By Nick Nilsson
Author of Mad Scientist Muscle
I have one question for you. What is your post-workout nutritional regimen?
If you answered "nothing," you are cheating yourself out of results that are rightfully yours. You may be wasting as much as 50% of your effort in the gym by not maximizing your post-workout nutrition.
When you exercise, your body burns carbohydrates for energy and breaks down your muscle tissue (especially if you are weight training). Immediately after a workout, the body has an enhanced ability to utilize nutrients such as glucose (sugar) and protein (your body's main building blocks) in order to rebuild and recover from your exercise.
What this essentially means is that your body is turbocharged and ready to grow. This period of power lasts for approximately four hours after a workout, hence the name "Four-Hour Window of Opportunity."
Taking in nutrients immediately after exercise helps you to recover faster and feel better after a workout. This can help you to not only gain muscle faster, but also keep your metabolism fueled so that you lose fat at a faster rate too.
What happens if you don't eat immediately following a workout?
Let me put it this way: it's definitely a situation you want to avoid.
First, your body starts breaking down muscle tissue in undamaged areas of your body in order to get raw materials to help repair the areas you just worked. Over time, this will result in a loss of muscle from your whole body.
Stress hormones in the body (primarily a hormone called cortisol) speed this process along. The stress hormones are produced because working out is a stress on the body - it's a totally natural but results-stopping reaction.
How do you control the effects of cortisol? You eat as soon as you can.
So what do you eat after a workout to maximize your results? Both protein and carbohydrates are important for fast recovery.
Immediately following a workout (within a few minutes of completion) take in some protein. The easiest and best way to do this is in the form of a protein powder (whey is an excellent choice), though a food source such as milk will do.

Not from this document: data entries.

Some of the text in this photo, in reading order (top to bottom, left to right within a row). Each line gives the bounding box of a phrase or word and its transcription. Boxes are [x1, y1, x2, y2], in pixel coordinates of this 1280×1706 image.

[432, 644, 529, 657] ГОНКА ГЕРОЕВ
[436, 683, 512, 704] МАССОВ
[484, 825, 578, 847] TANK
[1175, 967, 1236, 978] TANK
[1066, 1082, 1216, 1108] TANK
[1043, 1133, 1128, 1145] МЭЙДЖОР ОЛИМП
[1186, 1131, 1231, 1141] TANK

Taking protein gives your body something to rebuild with instead of tearing down its own muscle tissue for raw materials. Do not take protein right before a workout as it will just sit in your gut and possibly cause bloating. Try to get about 30 to 40 grams of protein in as soon as you can after you're done.
Take in about 60 to 100 grams of carbohydrates to help the body refuel. Your body is most efficient at rebuilding its carbohydrate stores immediately after a workout. It's important to take advantage of this period.

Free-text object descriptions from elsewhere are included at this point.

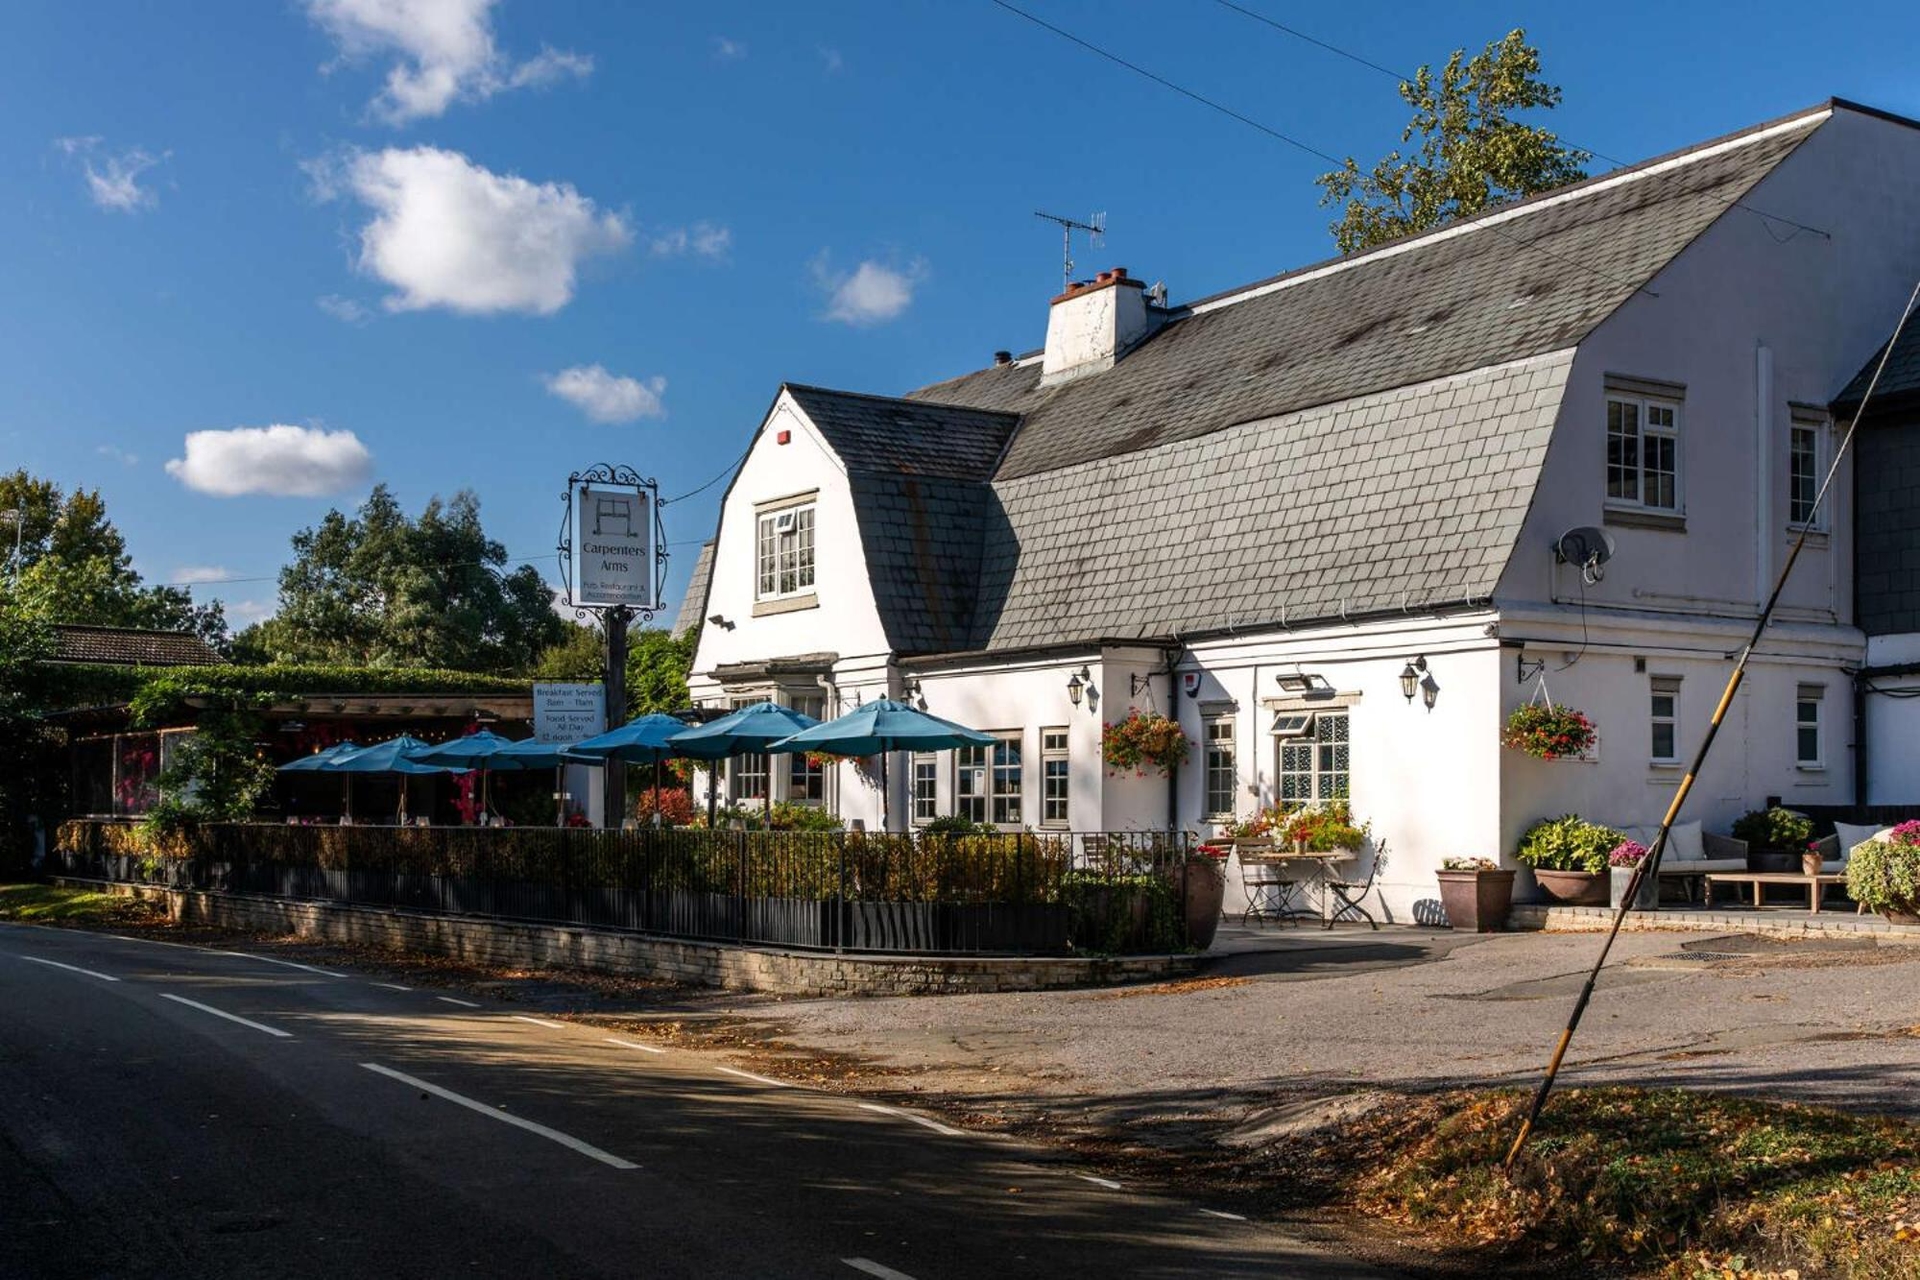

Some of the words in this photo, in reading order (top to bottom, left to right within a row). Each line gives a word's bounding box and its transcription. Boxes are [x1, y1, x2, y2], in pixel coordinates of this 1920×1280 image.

[583, 542, 646, 557] Carpenters
[601, 560, 629, 573] Arms
[537, 688, 573, 697] Breakfast
[575, 688, 603, 697] Served
[545, 715, 566, 723] Food
[567, 715, 595, 723] Served
[568, 723, 584, 731] Day

A few common examples of healthy carbs to take after a workout include juices, fruits, and sports drinks. Examples of protein foods include milk, eggs, poultry, fish, or meat products. Flavored yogurt is an excellent example of a post-workout snack. It contains carbs, protein and calcium all in one.
About one hour after your workout, take in a high quality source of protein (as in the examples above) and a good supply of carbohydrates such as grains, potatoes, cereals, etc. At this time, the body has settled down from the stress of the workout and is looking to rebuild.
If you're looking to get as much from your workouts as you possibly can, you can see that post-workout nutrition is critical. By supplying an ample amount of raw materials right after you're done, you will be preventing the body from breaking itself down in order to recover. This means more results from the effort you put into your workouts.